Subtrope of Spectacle
and Rule of Cool
Film - Animated
Film - Live-Action
- In V for Vendetta, V's first public assault on the Norsefire regime involves bombing the Houses of Parliament. Immediately following the explosion is a fireworks display forming the letter "V."
- In Harry Potter and the Order of the Phoenix, the Weasley twins harrass their sadist teacher Dolores Umbridge with magical fireworks. One of them takes the shape of a giant dragon that chomps on Umbridge, another one turns into a giant W, presumably as the Weasleys' signature.
- A downplayed example in Kung Fu Hustle, where the Axe Gangsters carry handheld fireworks launchers that launch fireworks that take the shape of a giant axe.
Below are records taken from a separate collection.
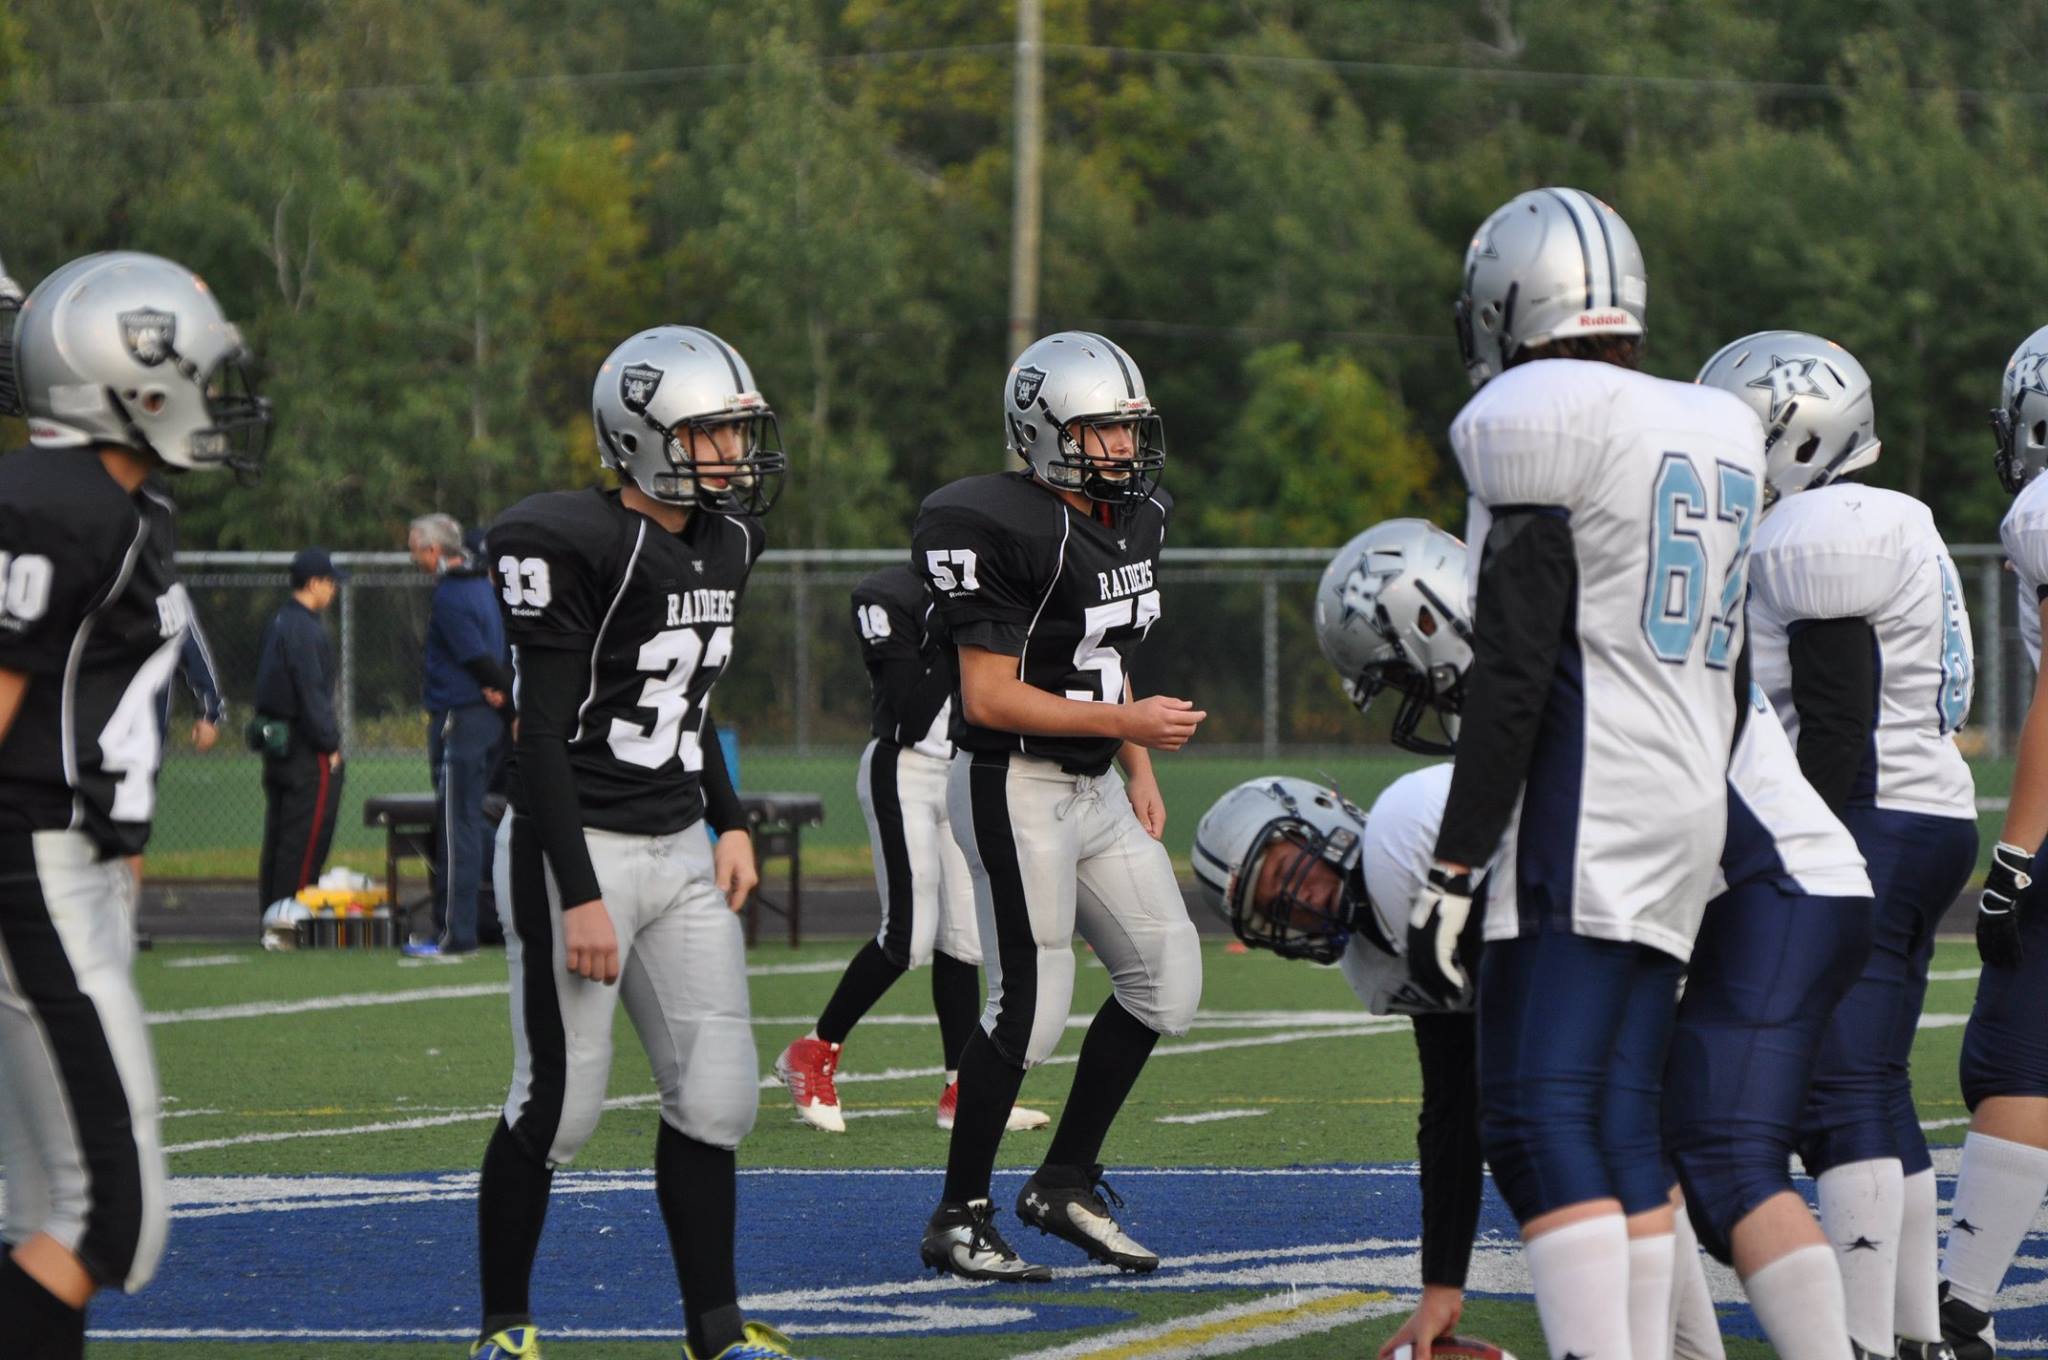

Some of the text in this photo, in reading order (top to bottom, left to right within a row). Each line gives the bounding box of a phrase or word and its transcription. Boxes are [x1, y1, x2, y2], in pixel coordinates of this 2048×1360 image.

[1578, 312, 1628, 327] Riddell
[498, 555, 552, 608] 33
[926, 549, 980, 591] 57
[1097, 559, 1153, 600] RAIDERS
[1641, 451, 1757, 670] 67
[0, 551, 54, 621] 0
[666, 588, 736, 627] RAIDERS
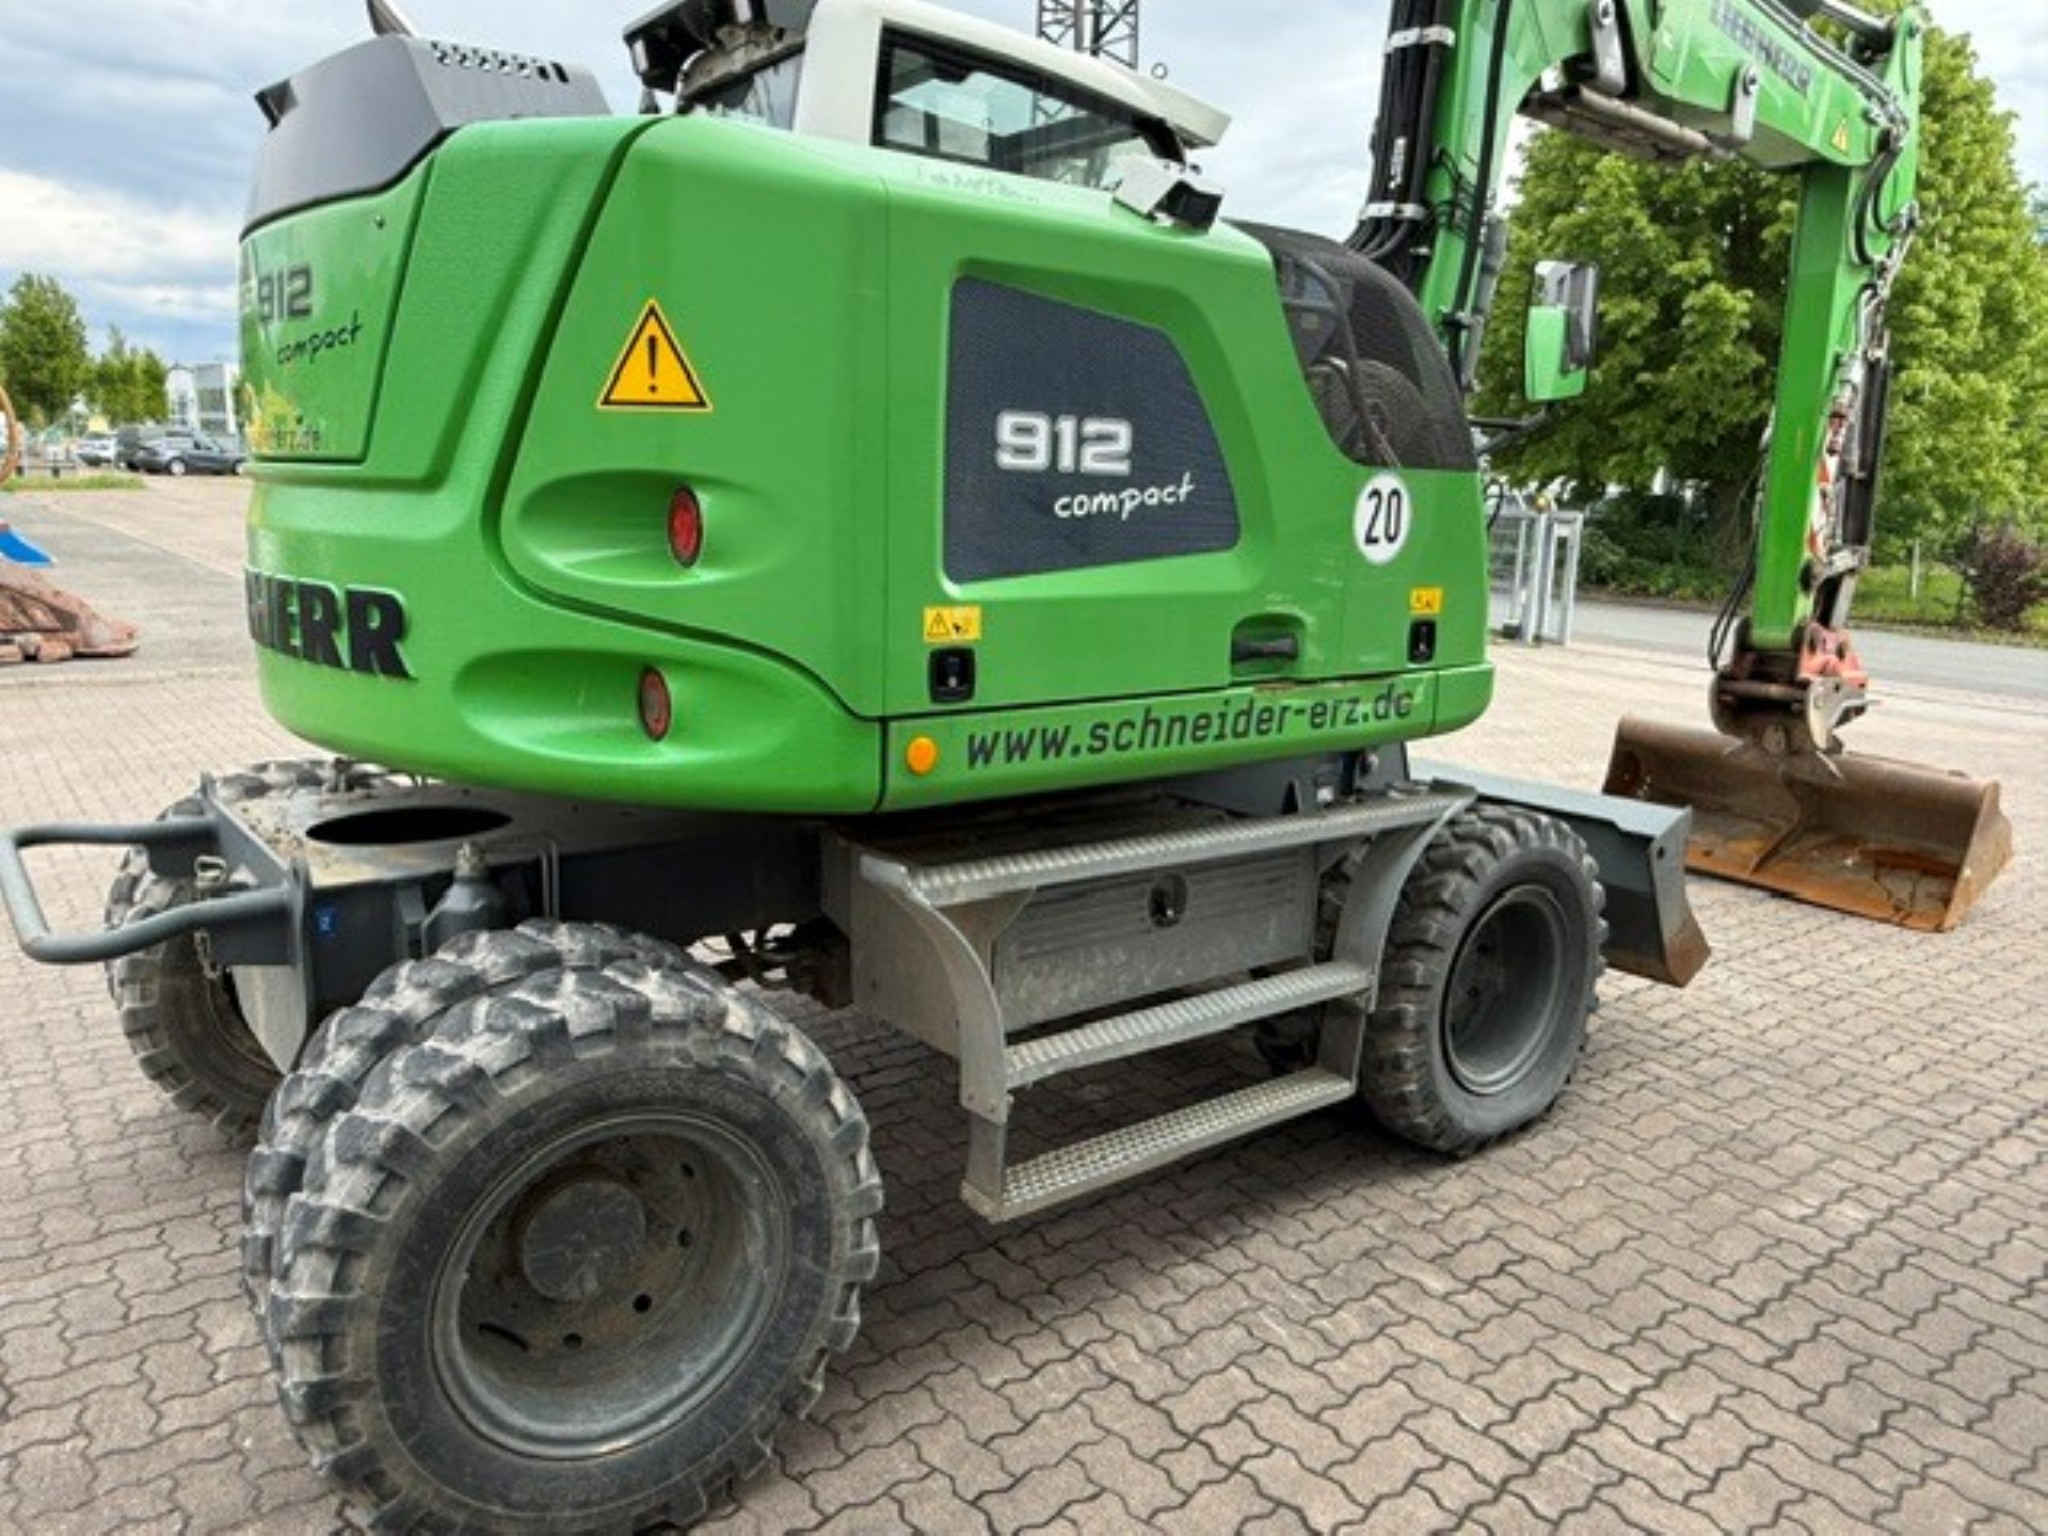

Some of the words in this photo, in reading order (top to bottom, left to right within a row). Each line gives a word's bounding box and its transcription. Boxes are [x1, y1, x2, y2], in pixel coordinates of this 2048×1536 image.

[258, 265, 313, 323] 912
[277, 310, 362, 363] compact
[996, 411, 1134, 477] 912
[1054, 471, 1195, 521] compact
[1365, 487, 1402, 545] 20
[967, 684, 1415, 770] www.schneider-erz.de
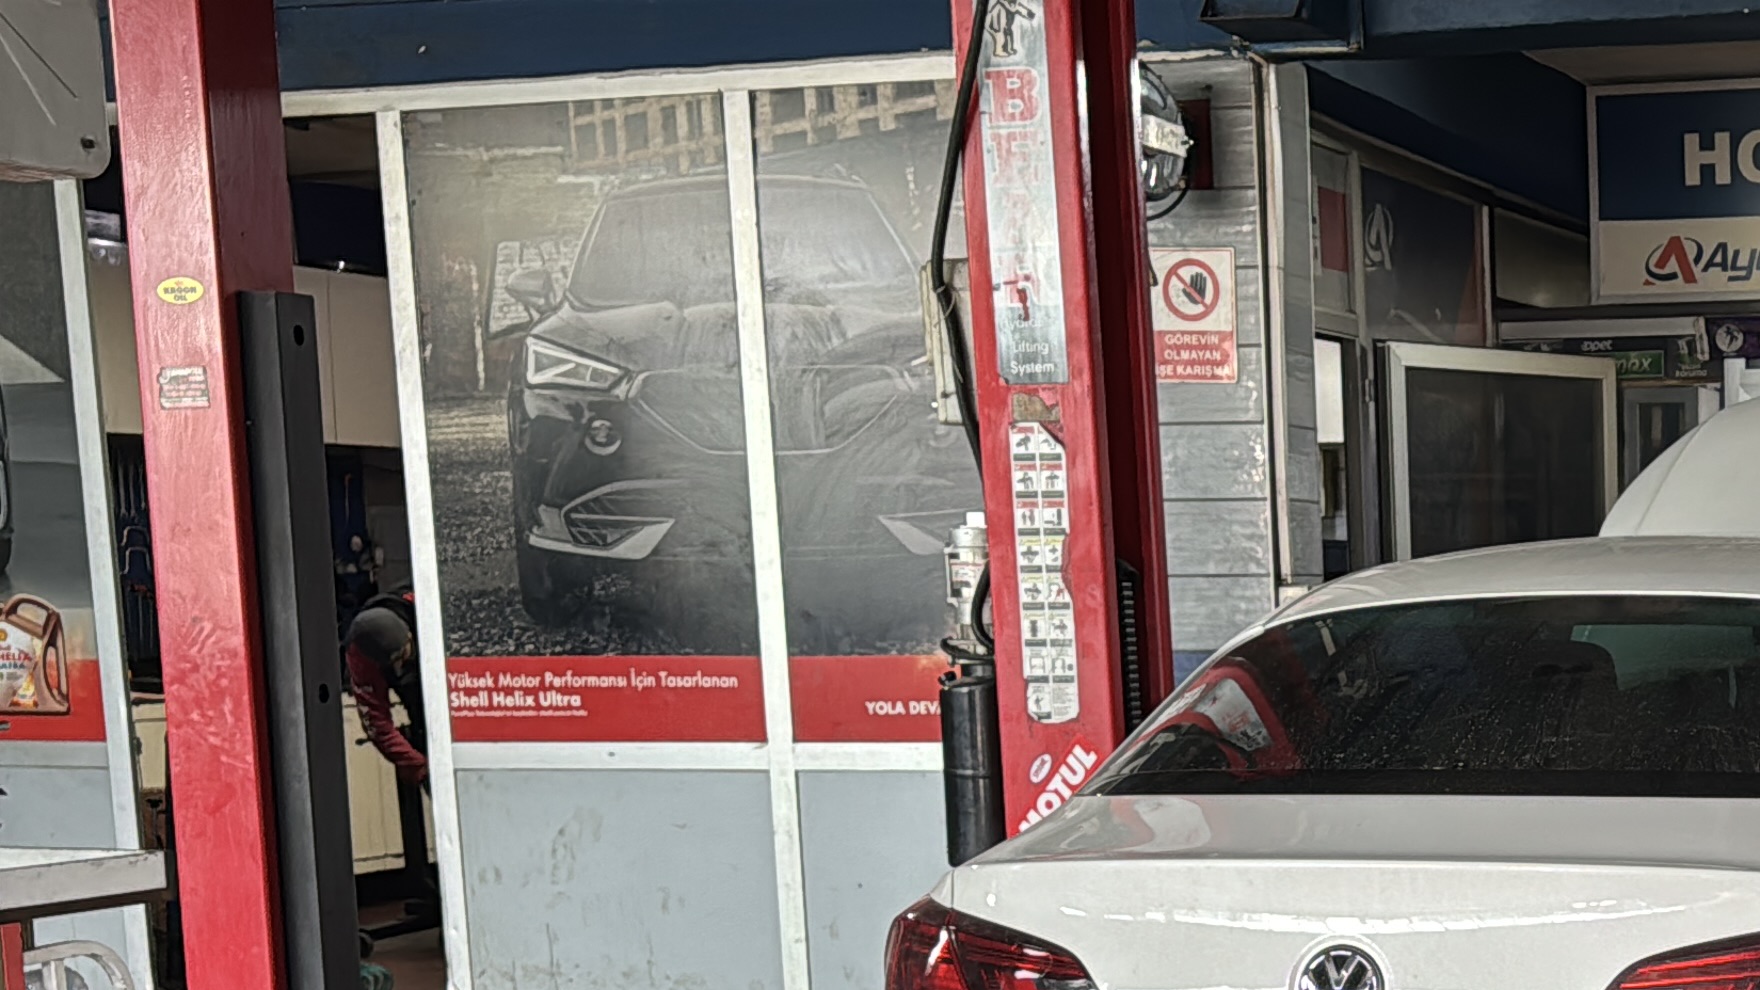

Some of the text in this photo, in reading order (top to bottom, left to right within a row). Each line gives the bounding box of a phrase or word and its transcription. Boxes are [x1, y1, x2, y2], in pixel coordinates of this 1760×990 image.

[1164, 332, 1219, 345] GÖREVİN
[1164, 349, 1222, 361] OLMAYAN
[1010, 360, 1054, 377] System
[448, 667, 739, 692] Yüksek Motor Performansı İçin Tasarlanan
[450, 690, 582, 707] Shell Helix Ultra
[864, 700, 906, 715] YOLA
This is their sign to summon help.
- Muppets Most Wanted: During the end credits, fireworks take the form of various Muppet faces, as well as several items that have particular significance in the movie.
- In the MAD book Don Martin Drops 13 Stories, a homeless alcoholic mixes together all sorts of noxious household products, then drinks it, shoots into the air and explodes as a fireworks display featuring the American flag, George Washington's face, and the words, "Wake up America — Abolish drug abuse."
- In Little Big Adventure 2, you can watch a propaganda film made by the Zeelichian tourism board. The film ends with a fireworks display, with "Welcome to Zeelich" spelled out in the night sky by fireworks.
- Common in Looney Tunes and Merrie Melodies, where a rocket or firework (typically ridden by a character) will explode spectacularly, and often in the form of clearly legible words (e.g. "EAT AT JOE'S").
- The episode "The Good Little Scouts" from Hanna-Barbera's The Jetsons has George Jetson oversee his boss's son Arthur on a scouting trip to the moon. The two become lost, and Arthur produces a flare gun that spells out "HEPL" in four shots in the lunar sky. When George points out the error, Arthur fires a fifth shot that strikes out the misspelling, then a sixth shot that appends the correction.
- A single large rocket is able to generate a facsimile of the US flag at the conclusion of the Tom and Jerry cartoon "Yankee Doodle Mouse," despite the titular cat being tied to it when it was launched.
- The 2008 Beijing Olympics had an actual fireworks display, of 29 'footprints' walking toward the Olympic stadium. While the fireworks were real, the Beijing Olympic Committee broadcast a CGI version to the outside world.